- _What needs to be done_:
Extract every record, keeping each one exactly as it is.

- _Collected data_:
§ §
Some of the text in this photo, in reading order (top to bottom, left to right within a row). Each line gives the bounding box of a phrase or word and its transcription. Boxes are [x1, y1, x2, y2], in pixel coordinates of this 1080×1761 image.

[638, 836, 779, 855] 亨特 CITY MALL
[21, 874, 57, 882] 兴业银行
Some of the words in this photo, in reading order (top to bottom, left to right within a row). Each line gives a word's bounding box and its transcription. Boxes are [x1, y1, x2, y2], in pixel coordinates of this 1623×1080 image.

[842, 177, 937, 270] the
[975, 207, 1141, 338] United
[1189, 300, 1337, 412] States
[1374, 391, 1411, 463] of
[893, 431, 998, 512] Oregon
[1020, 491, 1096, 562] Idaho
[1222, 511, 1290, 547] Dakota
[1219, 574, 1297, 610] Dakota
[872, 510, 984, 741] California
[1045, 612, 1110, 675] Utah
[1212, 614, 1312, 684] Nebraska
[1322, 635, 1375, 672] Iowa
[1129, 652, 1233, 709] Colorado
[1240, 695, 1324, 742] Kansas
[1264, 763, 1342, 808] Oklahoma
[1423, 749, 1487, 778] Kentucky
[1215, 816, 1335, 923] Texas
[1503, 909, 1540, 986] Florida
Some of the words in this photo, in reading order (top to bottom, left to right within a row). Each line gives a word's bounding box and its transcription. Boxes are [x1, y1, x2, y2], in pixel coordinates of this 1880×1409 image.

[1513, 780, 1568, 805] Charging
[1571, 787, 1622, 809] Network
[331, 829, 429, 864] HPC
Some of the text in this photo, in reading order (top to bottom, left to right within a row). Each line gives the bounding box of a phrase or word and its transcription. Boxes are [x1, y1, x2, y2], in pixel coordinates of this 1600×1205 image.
§ §
- _Solution to the exercise_:
Some of the text in this photo, in reading order (top to bottom, left to right within a row). Each line gives the bounding box of a phrase or word and its transcription. Boxes are [x1, y1, x2, y2], in pixel coordinates of this 1080×1761 image.

[638, 836, 779, 855] 亨特 CITY MALL
[21, 874, 57, 882] 兴业银行
Some of the words in this photo, in reading order (top to bottom, left to right within a row). Each line gives a word's bounding box and its transcription. Boxes are [x1, y1, x2, y2], in pixel coordinates of this 1623×1080 image.

[842, 177, 937, 270] the
[975, 207, 1141, 338] United
[1189, 300, 1337, 412] States
[1374, 391, 1411, 463] of
[893, 431, 998, 512] Oregon
[1020, 491, 1096, 562] Idaho
[1222, 511, 1290, 547] Dakota
[1219, 574, 1297, 610] Dakota
[872, 510, 984, 741] California
[1045, 612, 1110, 675] Utah
[1212, 614, 1312, 684] Nebraska
[1322, 635, 1375, 672] Iowa
[1129, 652, 1233, 709] Colorado
[1240, 695, 1324, 742] Kansas
[1264, 763, 1342, 808] Oklahoma
[1423, 749, 1487, 778] Kentucky
[1215, 816, 1335, 923] Texas
[1503, 909, 1540, 986] Florida
Some of the words in this photo, in reading order (top to bottom, left to right within a row). Each line gives a word's bounding box and its transcription. Boxes are [x1, y1, x2, y2], in pixel coordinates of this 1880×1409 image.

[1513, 780, 1568, 805] Charging
[1571, 787, 1622, 809] Network
[331, 829, 429, 864] HPC
Some of the text in this photo, in reading order (top to bottom, left to right within a row). Each line gives the bounding box of a phrase or word and its transcription. Boxes are [x1, y1, x2, y2], in pixel coordinates of this 1600×1205 image.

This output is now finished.